Re: Audio Workers - please review

Chris,

I suggest that we approach this issue not from the standpoint of what we should do now in the API, or even soon — rather, the question is, should we adopt a stance that rules out what may be a useful approach in the future, whose feasibility might be open to doubt today and later become very clear. I propose that the API avoid a stance that implicit parallelization is to be avoided for all time, and avoid being skewed in favor of explicit parallelization in a permanent fashion. We need to leave room for flexibility and avoid reaching premature conclusions. Mostly this just means avoiding global scopes that rule out parallelism, and avoiding overly specific definitions of behavior in the spec.

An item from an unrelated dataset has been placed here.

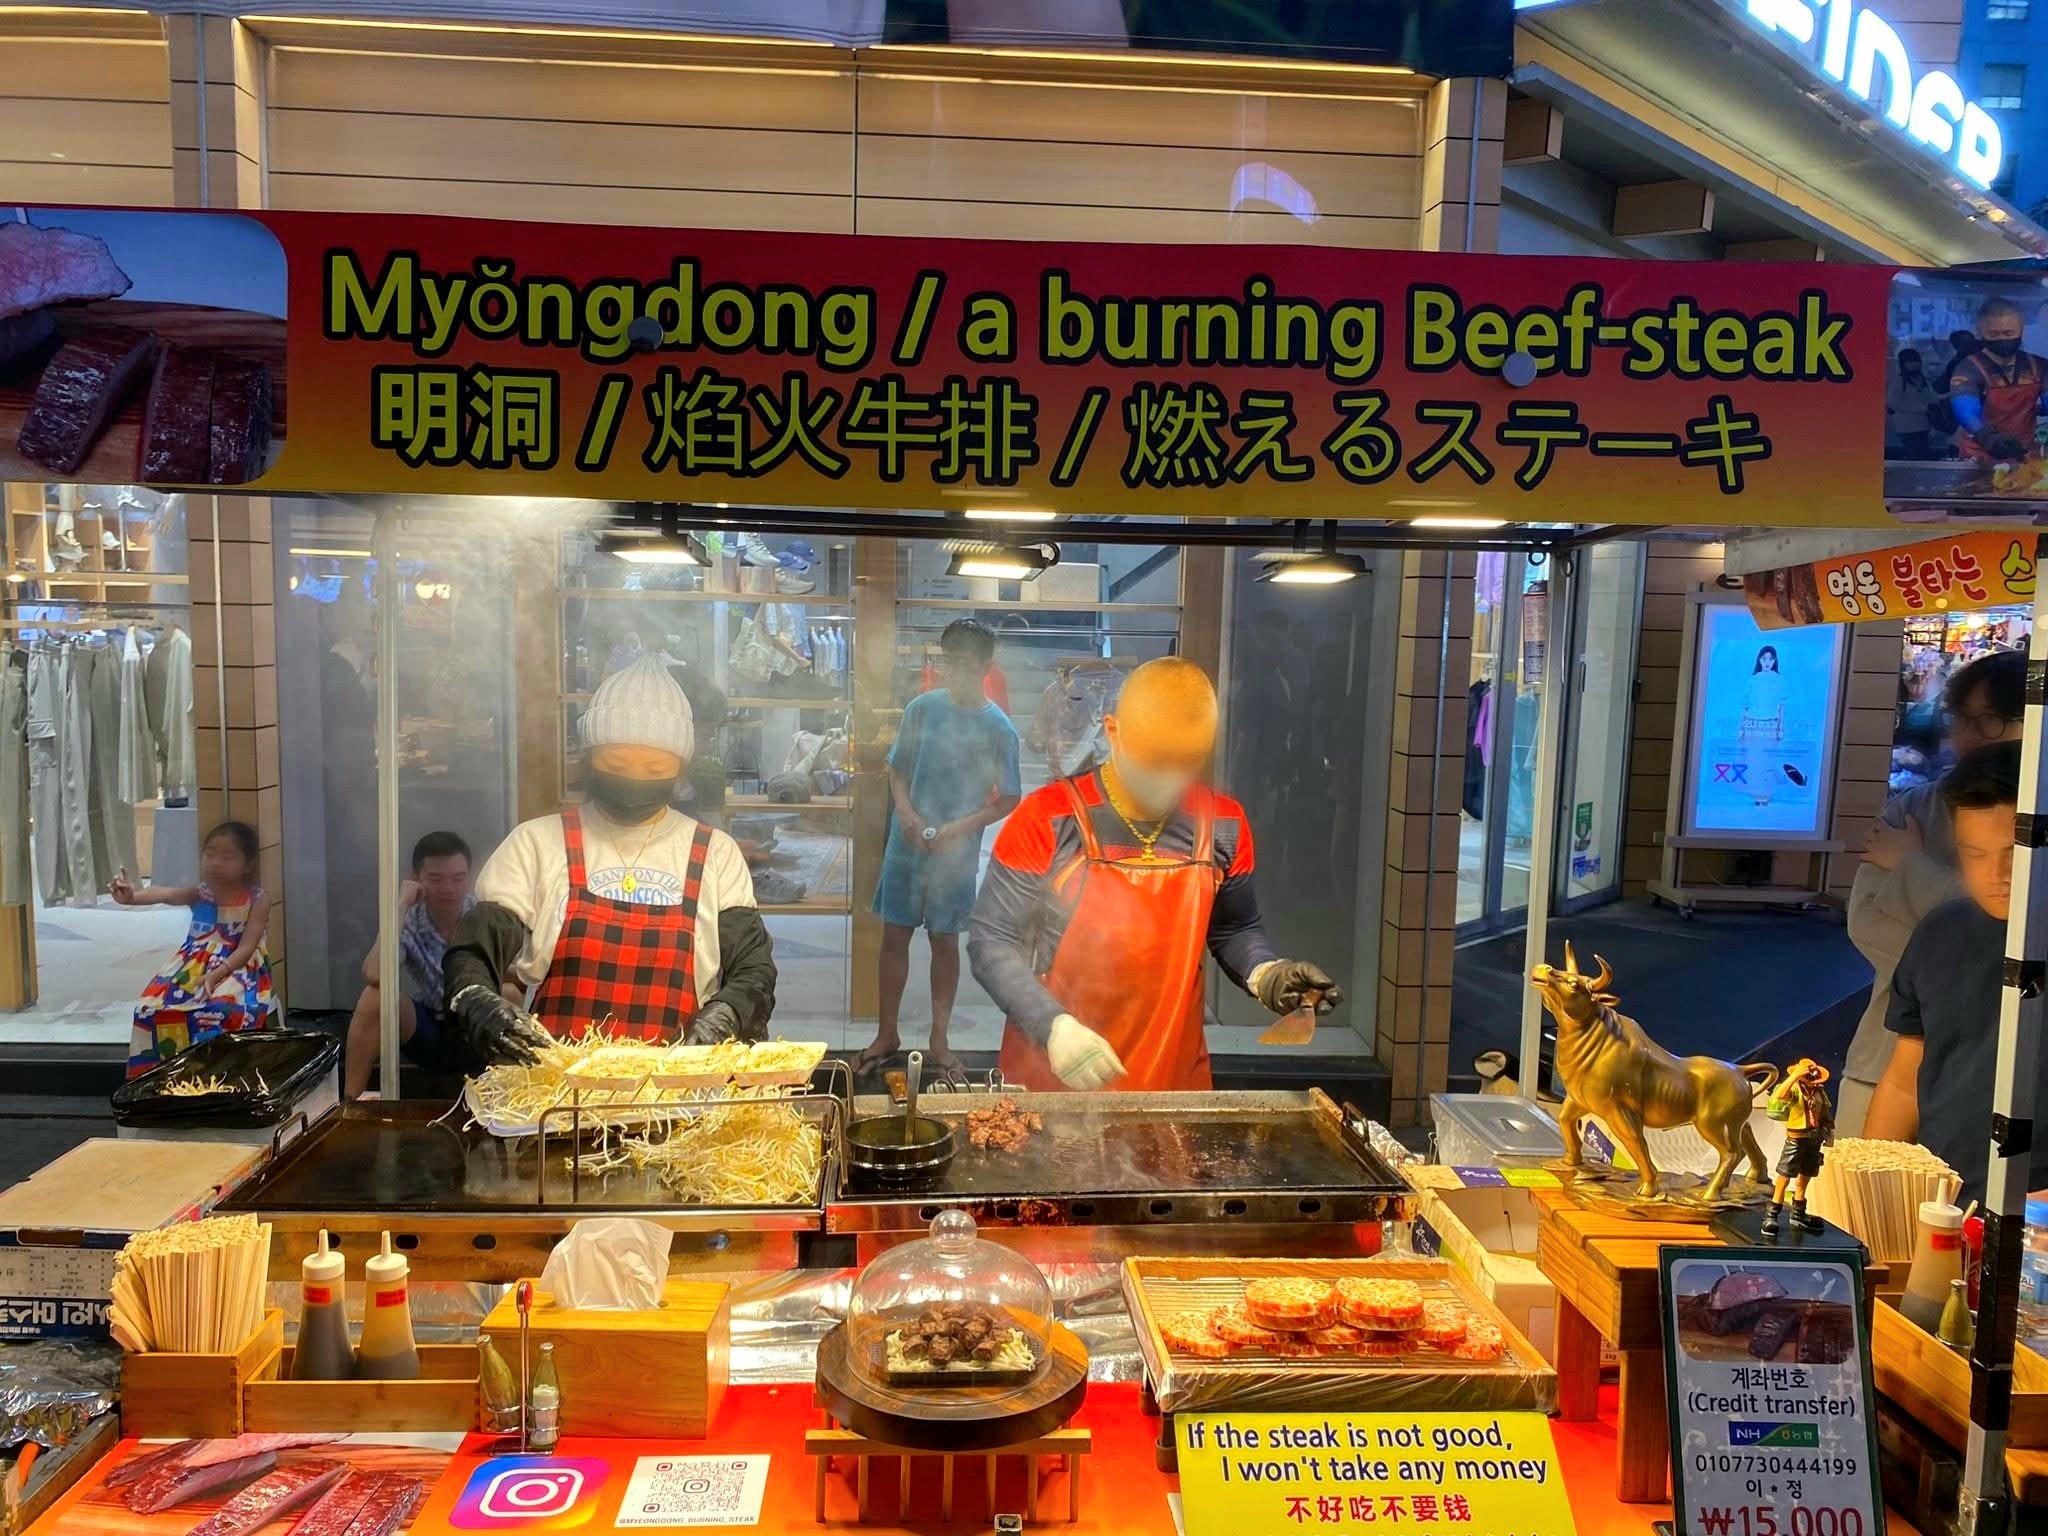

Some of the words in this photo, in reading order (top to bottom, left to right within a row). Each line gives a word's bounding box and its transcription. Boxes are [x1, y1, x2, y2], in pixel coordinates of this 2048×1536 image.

I know for a fact that some native DAWs do arbitrary parallelization as a matter of course in isolated linear effect chains, and that it does not incur an unacceptable latency cost. I think we all know a couple of pro audio app builders, but perhaps not the same ones :-)  So automatic parallelization is done already outside the web, and it’s apparently considered quite a good idea in at least some contexts. Don’t UAs already parallelize lots of activity on the user’s behalf without exposing it?

Also, the cost of graph analysis will drop over time. I don’t see offhand why the latency it adds is necessarily of a showstopper variety. You said, "But I think inserting latency at ANY point in the graph connections, NOT at the explicit request of the developer, is a bad idea.” However, if inserting latency at some point in a subgraph decreases overall latency in the graph as a whole… I don’t know, that seems like a pretty good thing to me, in theory.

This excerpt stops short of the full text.